Найдена мерка — значит найден регулятор обмена. Обмен, регулируемый спросом и предложением, есть обмен справедливый и правильный, потому что предметы ценятся по их настоящей цене, т. е. обмениваются равноценные величины. Единственное условие, которого требует такой обмен, есть полная свобода, полное применение принципа laissez faire66 к сфере экономических отношений. Свободный обмен, регулируемый только спросом и предложением, — вот последнее слово и конечный результат всей аргументации старой экономической школы. Мы видим теперь, каким путем дошла она до этого результата: сперва она хотела ценить предметы по их внутренней стоимости, но, не отыскав масштаба, годного для внутренней стоимости, она перестала ею заниматься и обратила все свое внимание на внешнюю ценность предмета и здесь легко нашла подходящий и вполне осязательный масштаб — в рыночном прейскуранте. Для того же, чтобы этот масштаб не показался слишком произвольным и бессовестным, она придумала теорию, по которой рыночная цена предмета всегда стремится совпасть с его настоящею, действительною ценой.
Прудон, соглашаясь с экономистами, что обмен должен лечь в основу всех социальных отношений, решительно расходится с этой школой по вопросу о регулировании обмена. ‘Попытаемся, говорит он (ар. 99), — разобрать верховный закон экономистов и доказать, что в этом знаменитом законе не все одинаково свято и непреложно. Разногласие, которое происходит между двумя частными лицами, продавцом и покупателем, по поводу цены какого-нибудь товара, услуги, недвижимого имущества или всякого другого предмета, называется предложением и спросом’.

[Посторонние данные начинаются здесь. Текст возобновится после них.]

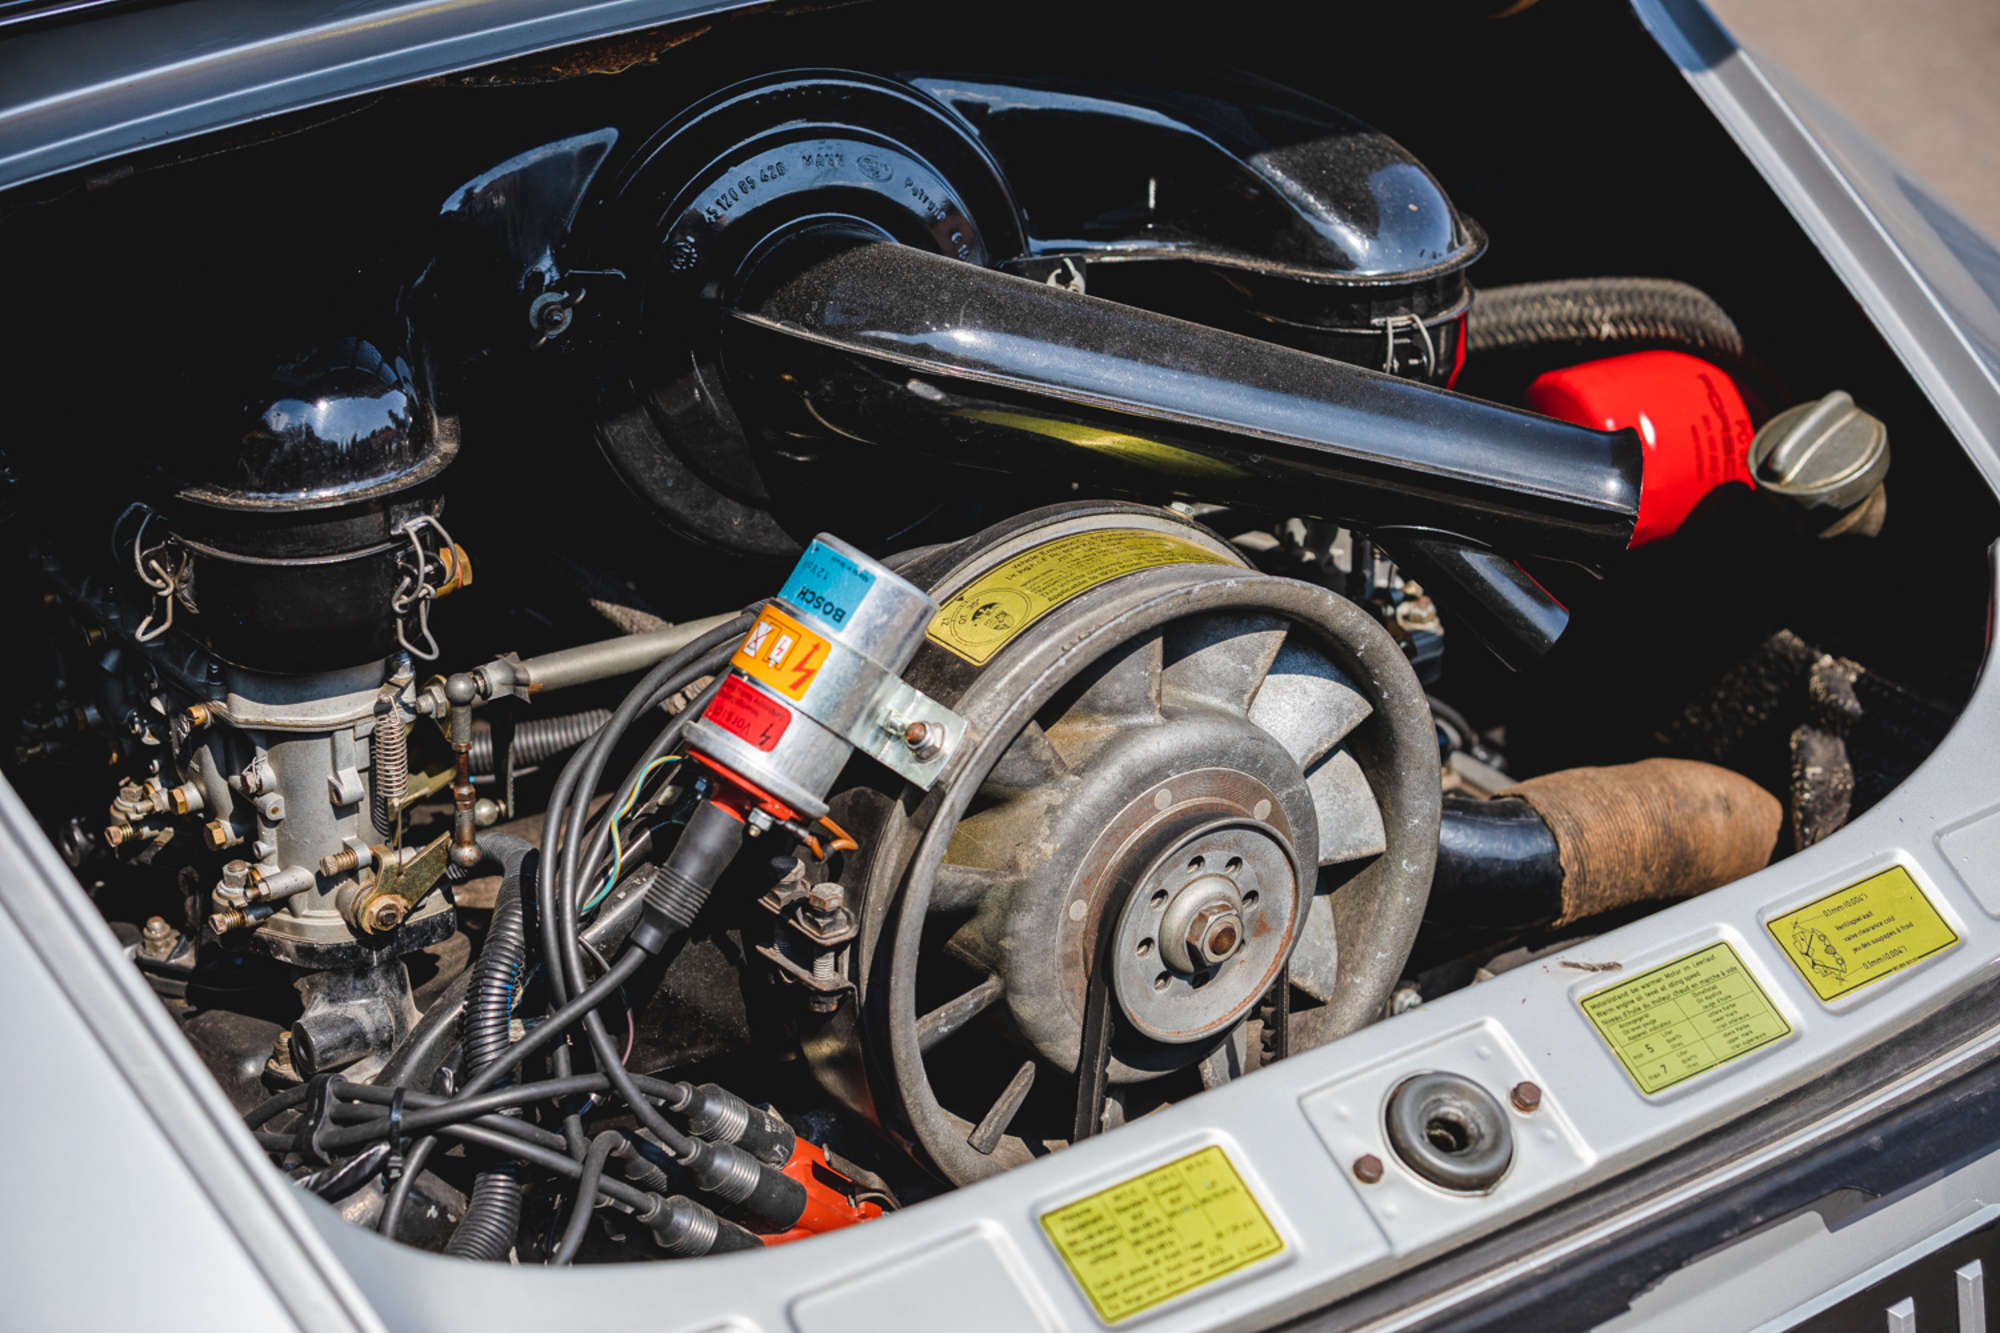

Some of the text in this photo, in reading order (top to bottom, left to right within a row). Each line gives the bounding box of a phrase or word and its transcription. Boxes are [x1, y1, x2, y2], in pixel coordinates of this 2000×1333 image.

[716, 187, 739, 212] 120
[797, 586, 846, 623] BOSCH
[1663, 968, 1681, 978] Motor
[1643, 1042, 1655, 1054] 5
[1659, 1063, 1670, 1074] 7

‘Продавец говорит: ‘мой товар стоит 6 франков, ц поэтому я и предлагаю вам его за эту цену’. — ‘Нет, отвечает покупщик, ваш товар стоит всего 4 франка, и я спрашиваю его за эту цену, ваше дело решить, можете ли вы отдать мне его».

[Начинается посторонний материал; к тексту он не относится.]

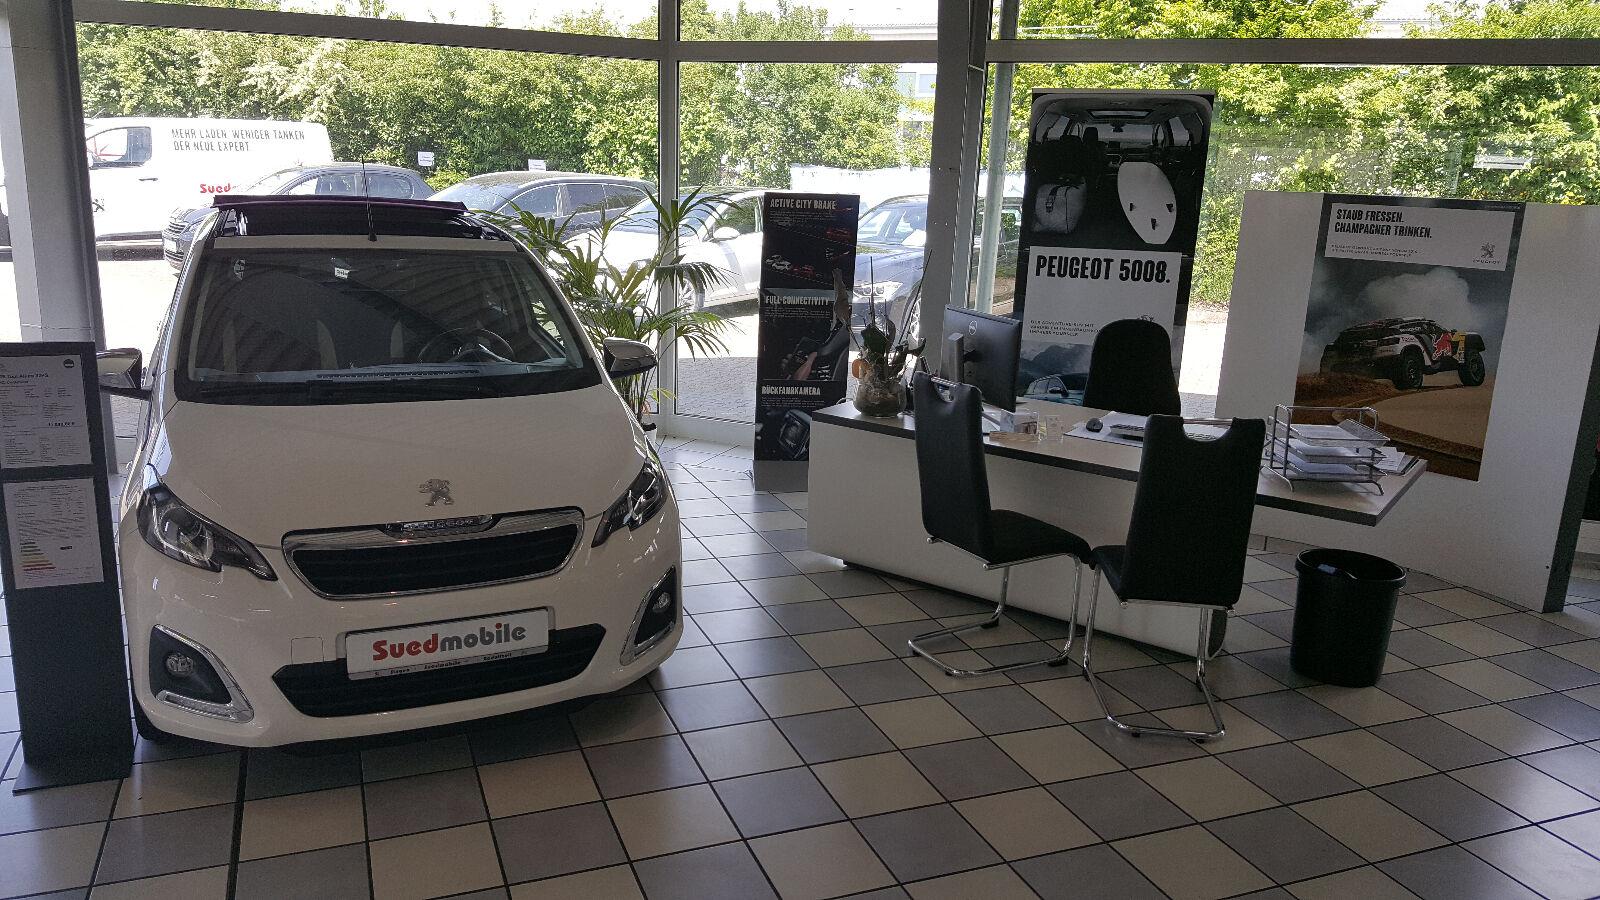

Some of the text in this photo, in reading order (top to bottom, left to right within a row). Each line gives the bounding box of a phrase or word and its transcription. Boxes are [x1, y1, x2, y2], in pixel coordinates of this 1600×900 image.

[171, 128, 197, 139] MEHR
[232, 129, 270, 140] WENIGER
[273, 129, 305, 141] TANKEN
[173, 140, 250, 153] DER NEUE EXPERT
[769, 198, 837, 210] ACTIVE CITY BRAKE
[1336, 208, 1405, 223] STAUB FRESSEN.
[1334, 221, 1433, 239] CHAMPAGNER TRINKEN.
[1035, 254, 1171, 284] PEUGEOT 5008.
[761, 384, 821, 396] RÜCKFAHRKAMERA
[372, 622, 527, 662] Suedmobile

‘Может статься, что собеседники оба — люди добросовестные. В таком случае, уважая свое собственное решение, они расстанутся, не покончив дела, если только, по особым соображениям, не поделят разницу поровну и с общего согласия не оценят товар в 5 франков. Но по большей части встречаются два плута, которые стараются обмануть друг друга. Продавец знает, чего стоит его товар по своей выделке и на что он пригоден, и говорит себе, что его ценность — 5 фран. 50 сан. Но правды он не скажет, а запросит за него 6 франков и даже больше, если только состояние рынка и простодушие покупателя дадут ему на это возможность. Вот что значит запрашивать. Точно так же и покупатель, зная свою собственную потребность и соображая в уме настоящую цену предмета, говорит себе: эта вещь может стоить 5 фр., но делает вид, что хочет дать только 4 фр. Это называется сбавлять цену. Если рассматривать этот расчет с точки зрения добросовестности, он окажется с обеих сторон бесчестным и столь же позорным, как всякая ложь. Следовательно, закон предложения и спроса не может быть непогрешим, потому что в нем почти всегда сталкивается двойное плутовство’ (стр. 99,100).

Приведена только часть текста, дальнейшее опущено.